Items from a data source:
☆ ☆ ☆ ☆ ☆ ☆ ☆
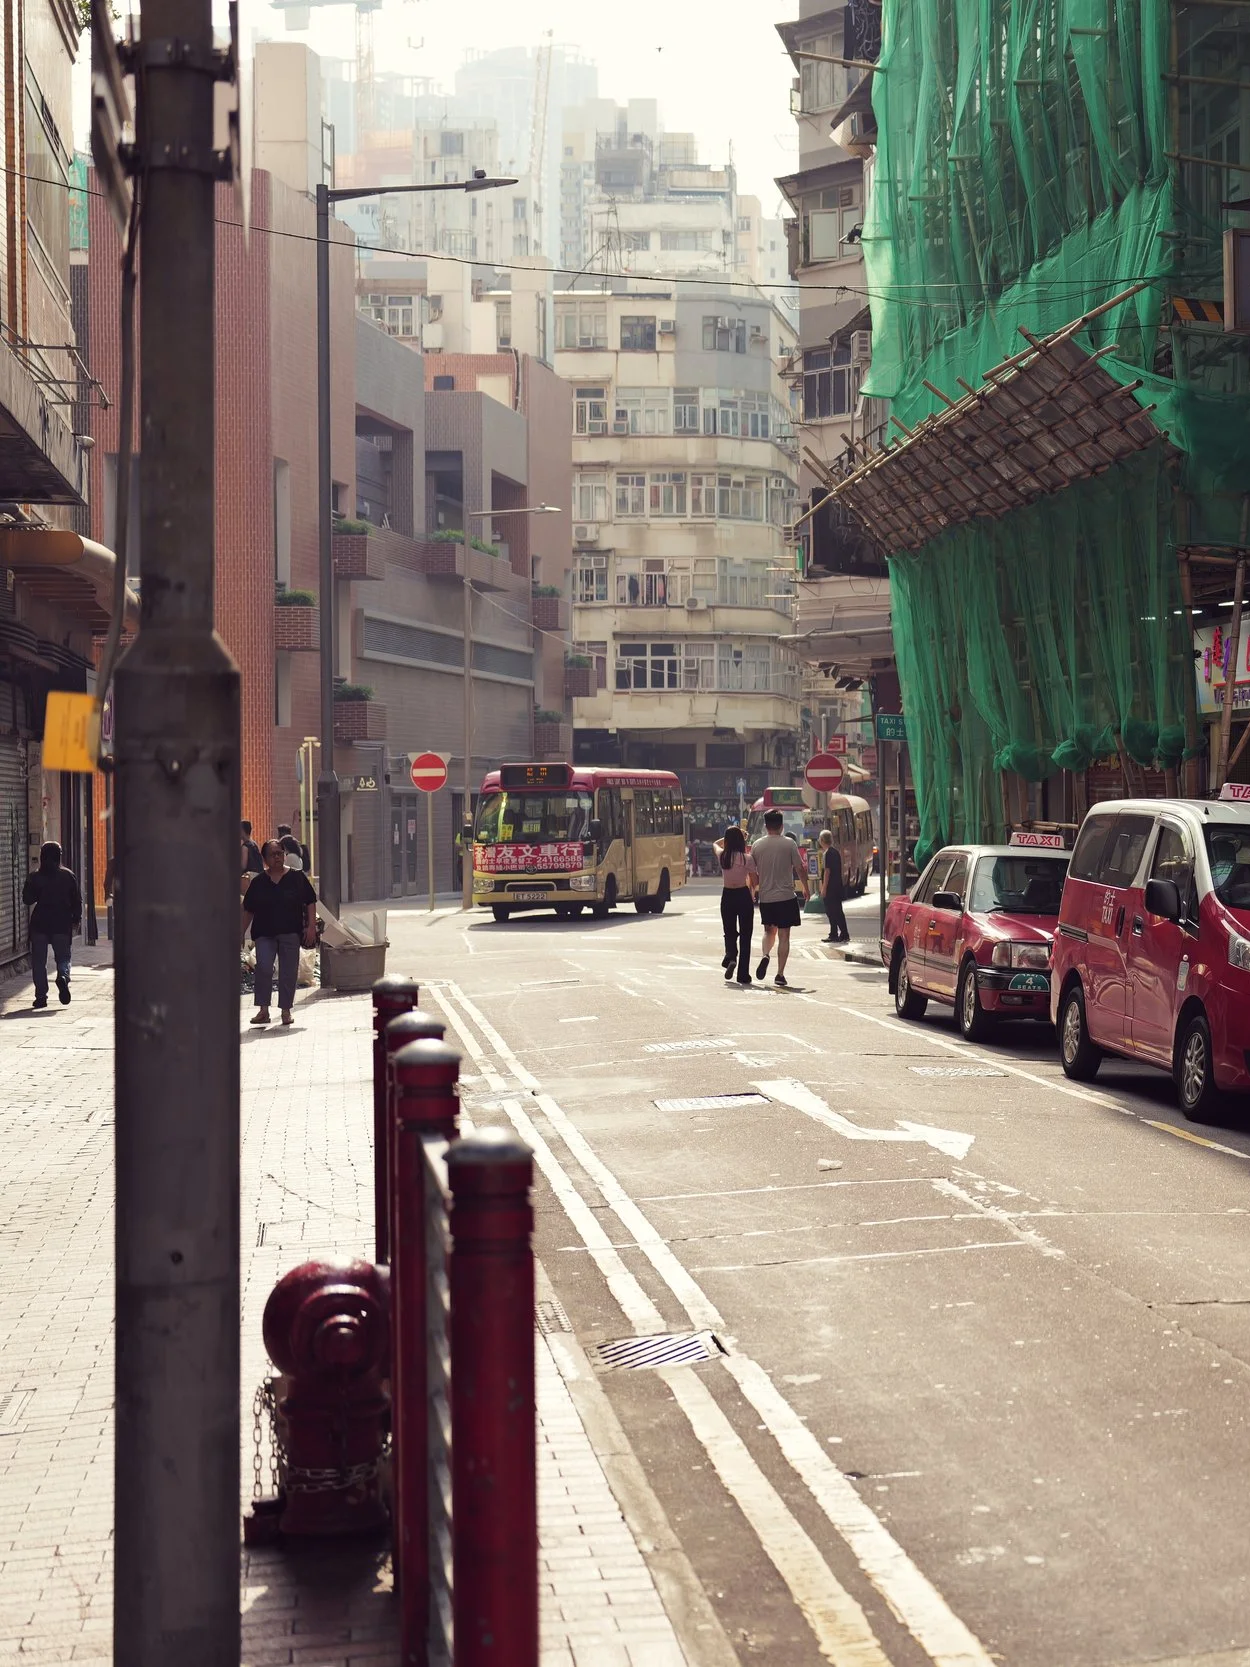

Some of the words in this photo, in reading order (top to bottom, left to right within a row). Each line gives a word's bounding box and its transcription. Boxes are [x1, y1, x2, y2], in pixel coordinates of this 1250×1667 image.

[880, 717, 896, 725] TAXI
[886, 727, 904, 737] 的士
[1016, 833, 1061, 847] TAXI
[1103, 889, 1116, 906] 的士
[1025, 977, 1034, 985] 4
☆ ☆ ☆ ☆ ☆ ☆ ☆
WHAT YOU NEED TO DO: Once the pictures are set aside, restate the remaining data above exactly.

RESPONSE AREA:
Some of the words in this photo, in reading order (top to bottom, left to right within a row). Each line gives a word's bounding box and its transcription. Boxes are [x1, y1, x2, y2], in pixel coordinates of this 1250×1667 image.

[880, 717, 896, 725] TAXI
[886, 727, 904, 737] 的士
[1016, 833, 1061, 847] TAXI
[1103, 889, 1116, 906] 的士
[1025, 977, 1034, 985] 4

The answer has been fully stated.